- Requirement: The entries below should be quoted exactly, with no pictures carried over.

[Free-text object descriptions]
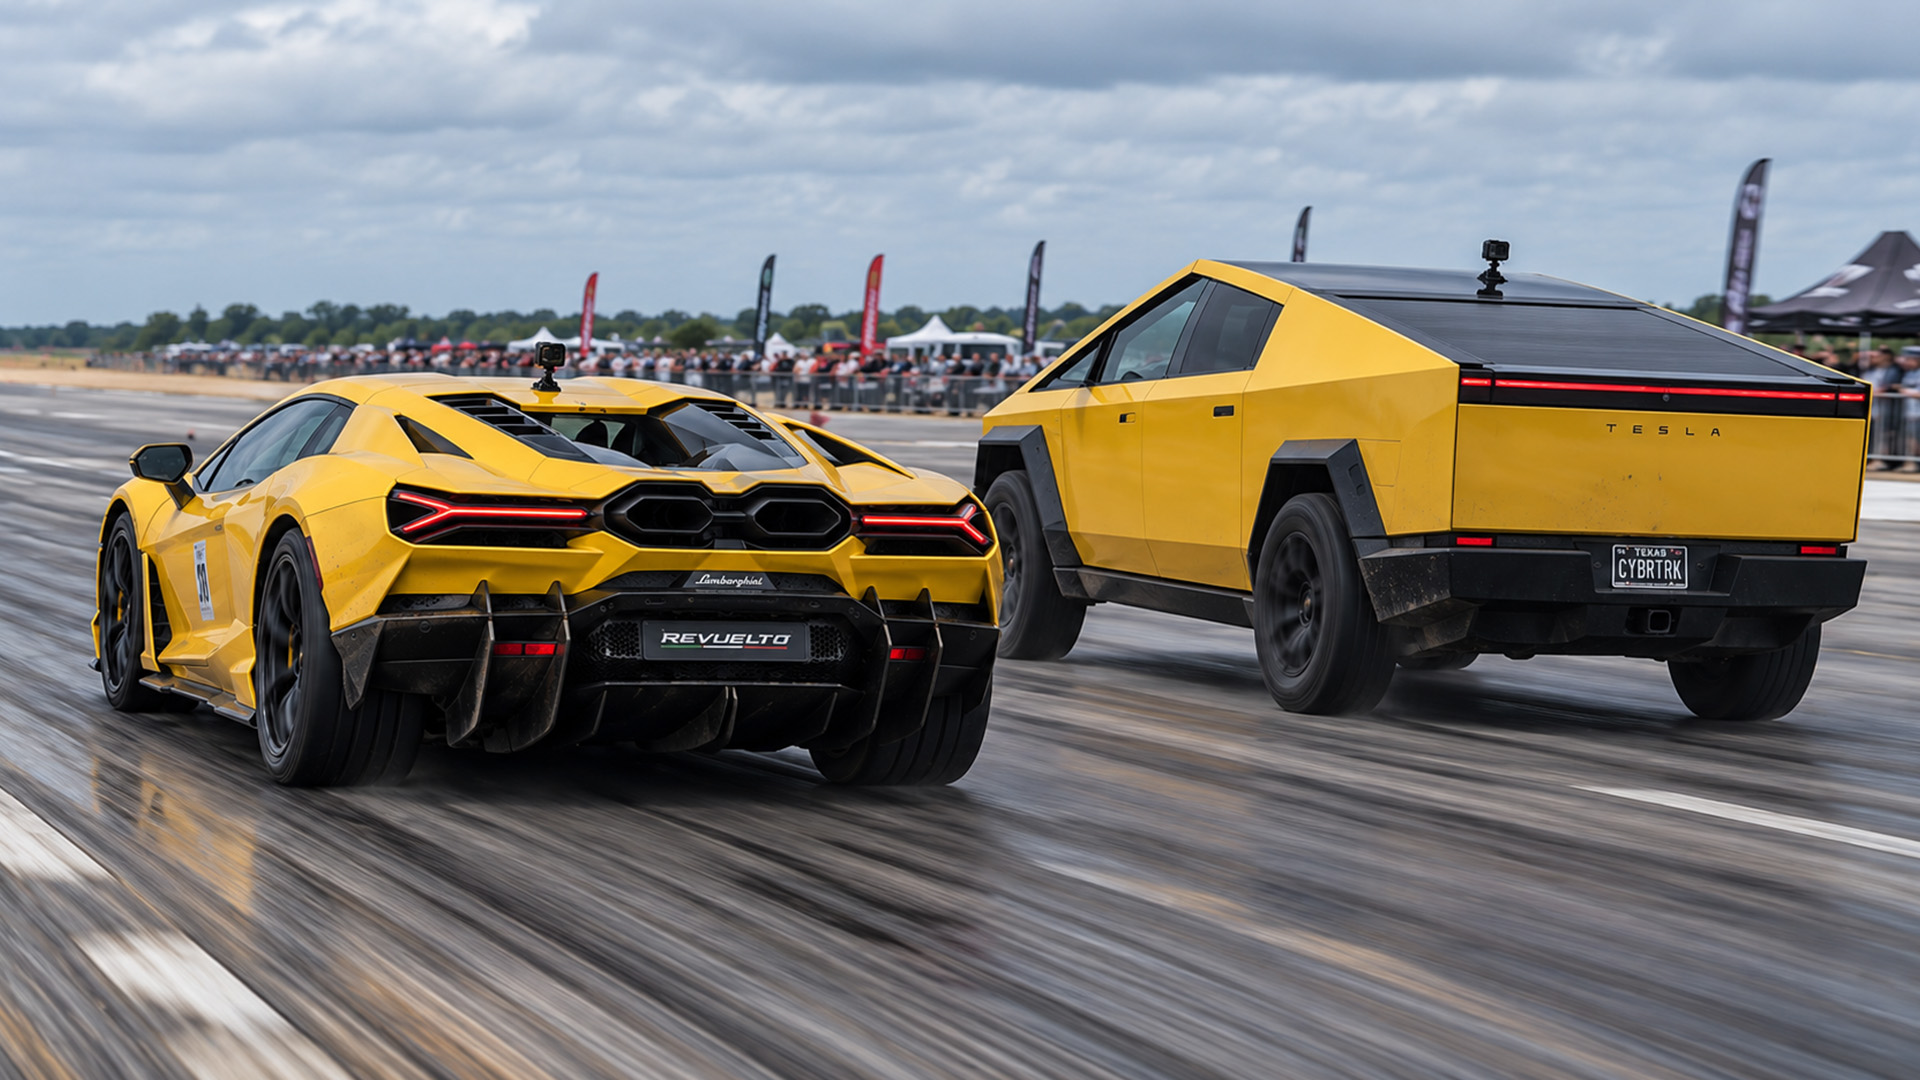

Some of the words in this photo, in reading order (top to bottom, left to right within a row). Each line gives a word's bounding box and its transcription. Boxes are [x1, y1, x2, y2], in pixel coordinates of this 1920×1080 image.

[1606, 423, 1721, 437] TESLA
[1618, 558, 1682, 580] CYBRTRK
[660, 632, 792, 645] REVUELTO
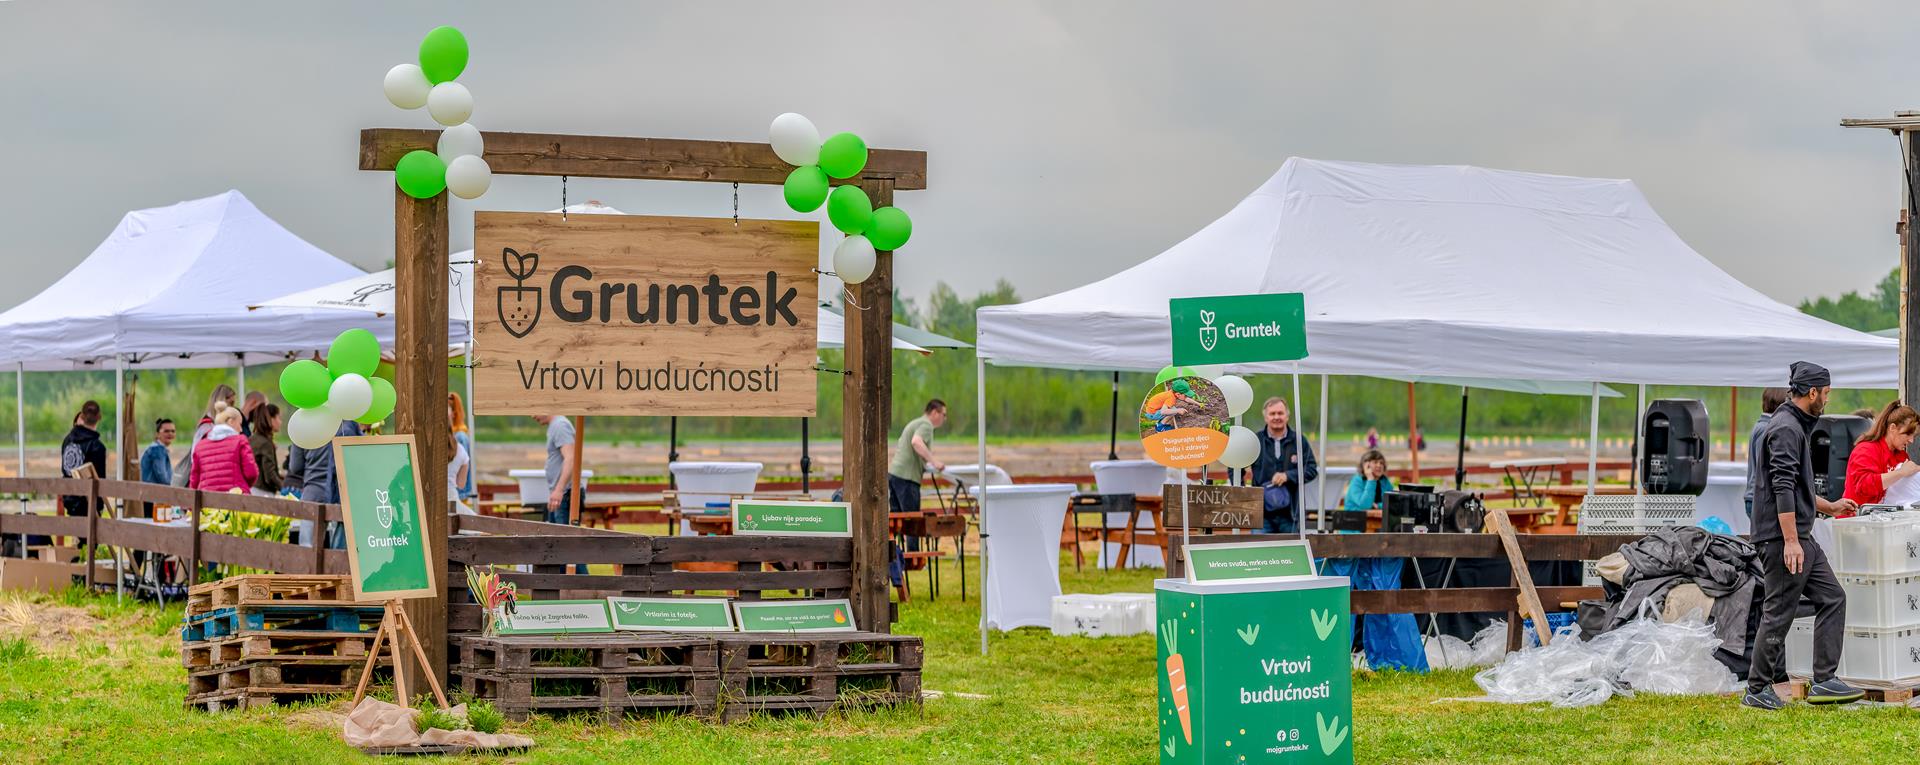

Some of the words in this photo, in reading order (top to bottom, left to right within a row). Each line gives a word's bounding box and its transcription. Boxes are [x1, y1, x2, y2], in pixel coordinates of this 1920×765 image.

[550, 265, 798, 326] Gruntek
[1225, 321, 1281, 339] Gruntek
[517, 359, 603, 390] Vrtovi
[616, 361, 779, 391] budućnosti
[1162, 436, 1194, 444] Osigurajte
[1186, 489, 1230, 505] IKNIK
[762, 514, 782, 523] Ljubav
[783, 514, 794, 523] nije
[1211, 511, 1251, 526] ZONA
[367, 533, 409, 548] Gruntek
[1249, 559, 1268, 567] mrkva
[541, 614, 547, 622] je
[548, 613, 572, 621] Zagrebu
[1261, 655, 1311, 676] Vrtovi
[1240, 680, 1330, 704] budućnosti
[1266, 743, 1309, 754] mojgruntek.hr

- Answer for this exercise:
Some of the words in this photo, in reading order (top to bottom, left to right within a row). Each line gives a word's bounding box and its transcription. Boxes are [x1, y1, x2, y2], in pixel coordinates of this 1920×1080 image.

[1606, 423, 1721, 437] TESLA
[1618, 558, 1682, 580] CYBRTRK
[660, 632, 792, 645] REVUELTO

Some of the words in this photo, in reading order (top to bottom, left to right within a row). Each line gives a word's bounding box and its transcription. Boxes are [x1, y1, x2, y2], in pixel coordinates of this 1920×765 image.

[550, 265, 798, 326] Gruntek
[1225, 321, 1281, 339] Gruntek
[517, 359, 603, 390] Vrtovi
[616, 361, 779, 391] budućnosti
[1162, 436, 1194, 444] Osigurajte
[1186, 489, 1230, 505] IKNIK
[762, 514, 782, 523] Ljubav
[783, 514, 794, 523] nije
[1211, 511, 1251, 526] ZONA
[367, 533, 409, 548] Gruntek
[1249, 559, 1268, 567] mrkva
[541, 614, 547, 622] je
[548, 613, 572, 621] Zagrebu
[1261, 655, 1311, 676] Vrtovi
[1240, 680, 1330, 704] budućnosti
[1266, 743, 1309, 754] mojgruntek.hr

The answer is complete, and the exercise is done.